But in his first few games, he struggled. “Some of the skits I did in college that were just slam dunks totally bombed. Bombed. Crickets,” Kenn recalls.

After a series of skits went sour, Carl Scheer, then a high-ranking executive with the Nuggets, called Kenn into his office. “He looks at me and he goes, ‘Kenn, this is not college. This is the NBA. Now step it up,’” he remembers.

Kenn was shaken, and decided he needed help. He called the Atlanta Hawks mascot who had overseen the Rocky auditions and asked for some mentorship. Through that, he realized he needed to simplify his approach to Rocky and focus more on moving with purpose and telling a story.

Slowly and steadily, he gained the swagger and confidence that are so characteristic of Rocky today.

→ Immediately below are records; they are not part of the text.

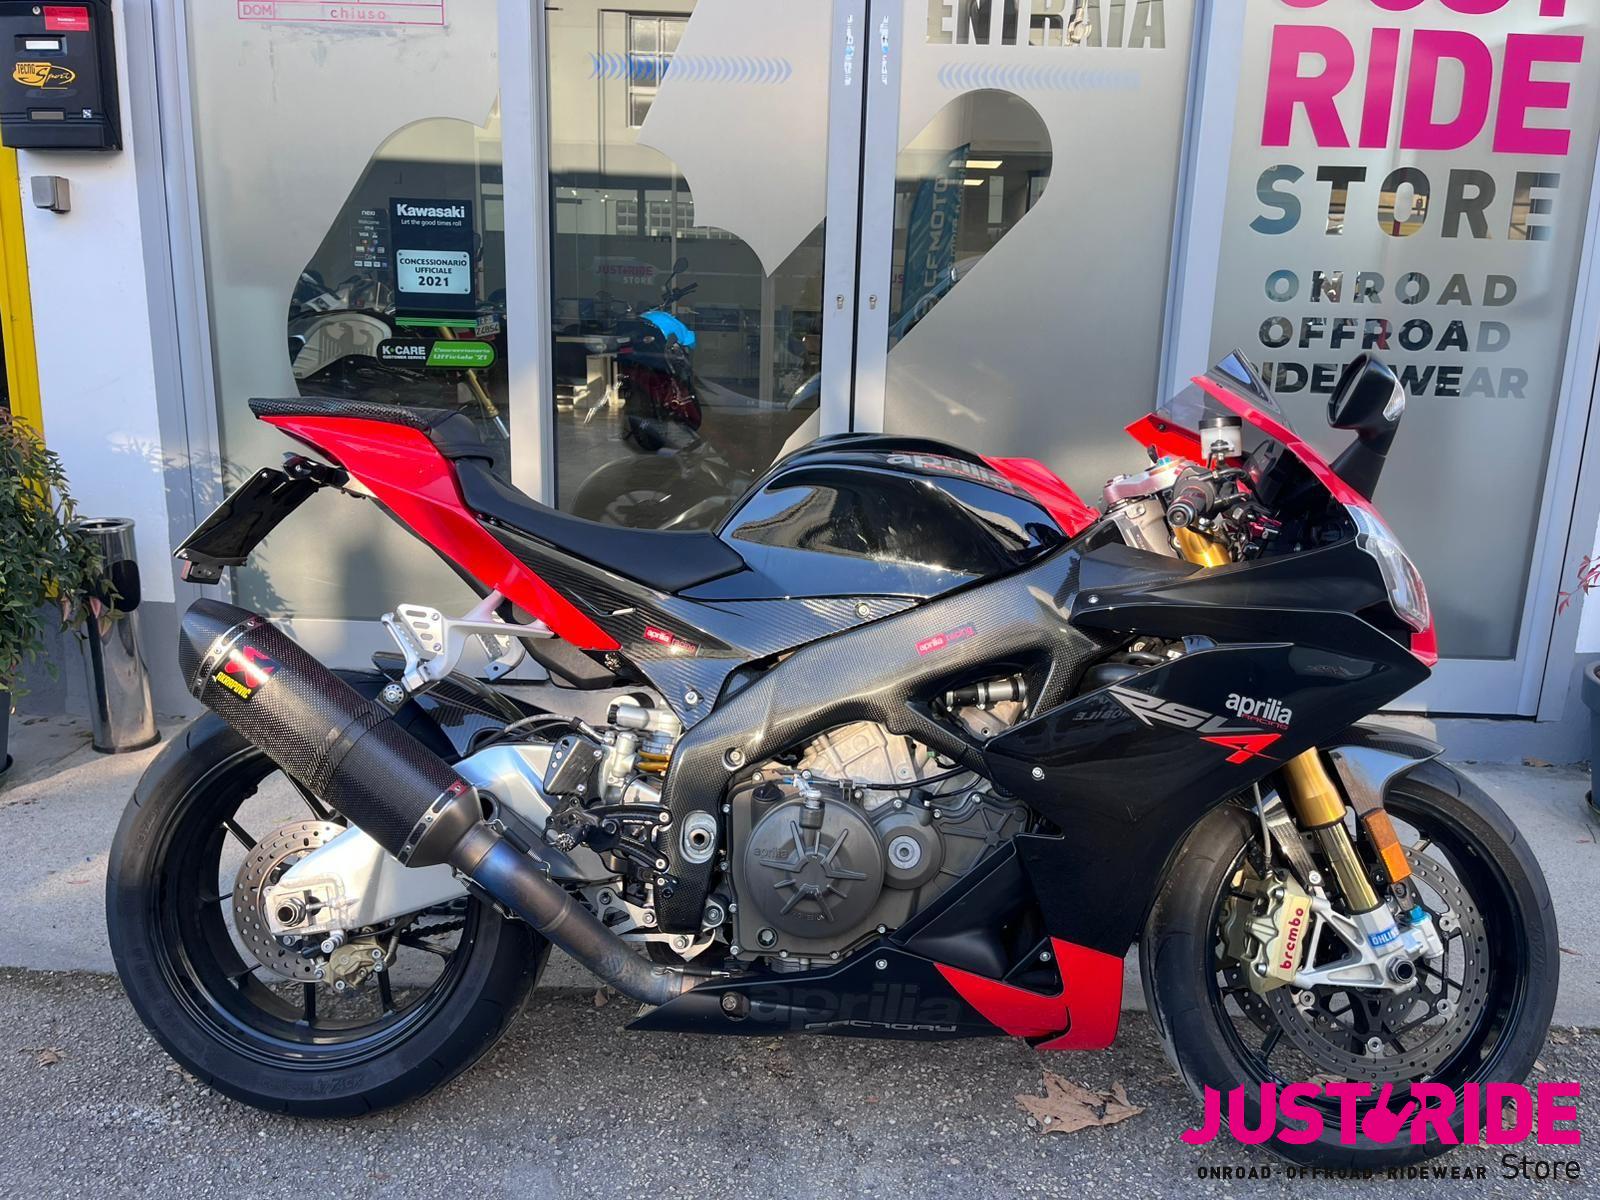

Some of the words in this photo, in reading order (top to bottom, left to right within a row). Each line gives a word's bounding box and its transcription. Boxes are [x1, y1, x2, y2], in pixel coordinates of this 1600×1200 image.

[242, 4, 273, 16] DOM
[330, 9, 387, 20] chiuso
[1261, 24, 1585, 155] RIDE
[396, 203, 465, 219] Kawasaki
[1249, 164, 1561, 241] STORE
[422, 219, 436, 227] good
[924, 174, 947, 287] CFMOTO
[399, 257, 467, 266] CONCESSIONARIO
[415, 266, 452, 274] UFFICIALE
[418, 276, 449, 287] 2021
[623, 276, 653, 285] STORE
[1264, 269, 1518, 307] ONROAD
[1258, 316, 1511, 353] OFFROAD
[886, 453, 1013, 489] aprilia
[646, 628, 670, 643] aprilia
[919, 636, 943, 652] aprilia
[1225, 692, 1293, 725] aprilia
[1280, 907, 1304, 970] brembo
[750, 983, 963, 1031] aprilia

“Right away, he was maybe one of the most athletic people I had ever seen,” says Paul Andrews, who was in charge of the music during games when Kenn started. “He could do anything in that suit. What he was doing inside that suit, most people couldn’t do outside that suit.”

In the years that followed, Rocky's popularity grew. Kenn entertained kids with his antics and adults with his edginess and wit. He mastered trampoline dunks, rappelled down into the arena, and performed skits that delighted the crowds first in McNichols Arena and later the Pepsi Center, which became Ball Arena.

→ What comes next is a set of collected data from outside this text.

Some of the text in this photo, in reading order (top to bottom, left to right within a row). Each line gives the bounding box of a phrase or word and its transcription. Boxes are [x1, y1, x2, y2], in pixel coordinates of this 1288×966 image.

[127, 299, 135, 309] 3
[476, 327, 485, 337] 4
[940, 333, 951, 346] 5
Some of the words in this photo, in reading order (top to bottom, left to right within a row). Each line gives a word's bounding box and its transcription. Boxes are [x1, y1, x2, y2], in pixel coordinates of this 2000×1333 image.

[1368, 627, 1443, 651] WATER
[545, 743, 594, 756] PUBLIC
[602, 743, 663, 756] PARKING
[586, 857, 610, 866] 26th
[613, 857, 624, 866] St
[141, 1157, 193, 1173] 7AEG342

"He's the full package. There's not a lot of people that have athleticism, comedy, improv and clever skit writing," says Scott Hesington, a close friend and business partner of Kenn's who portrayed Stuff the Magic Dragon for the Orlando Magic and Hooper for the Detroit Pistons. "He really has a good hold of all those things, which has made him really marketable in that community."

Ryan Hess, a current Nuggets season-ticket holder, remembers seeing Rocky in the early ’90s. “He was always engaging. There could be timeouts going on, and you’re curious what Rocky is doing to instigate,” Hess says. “The thing that I liked about Rocky is he could be unpredictable and would get into it with other fans.”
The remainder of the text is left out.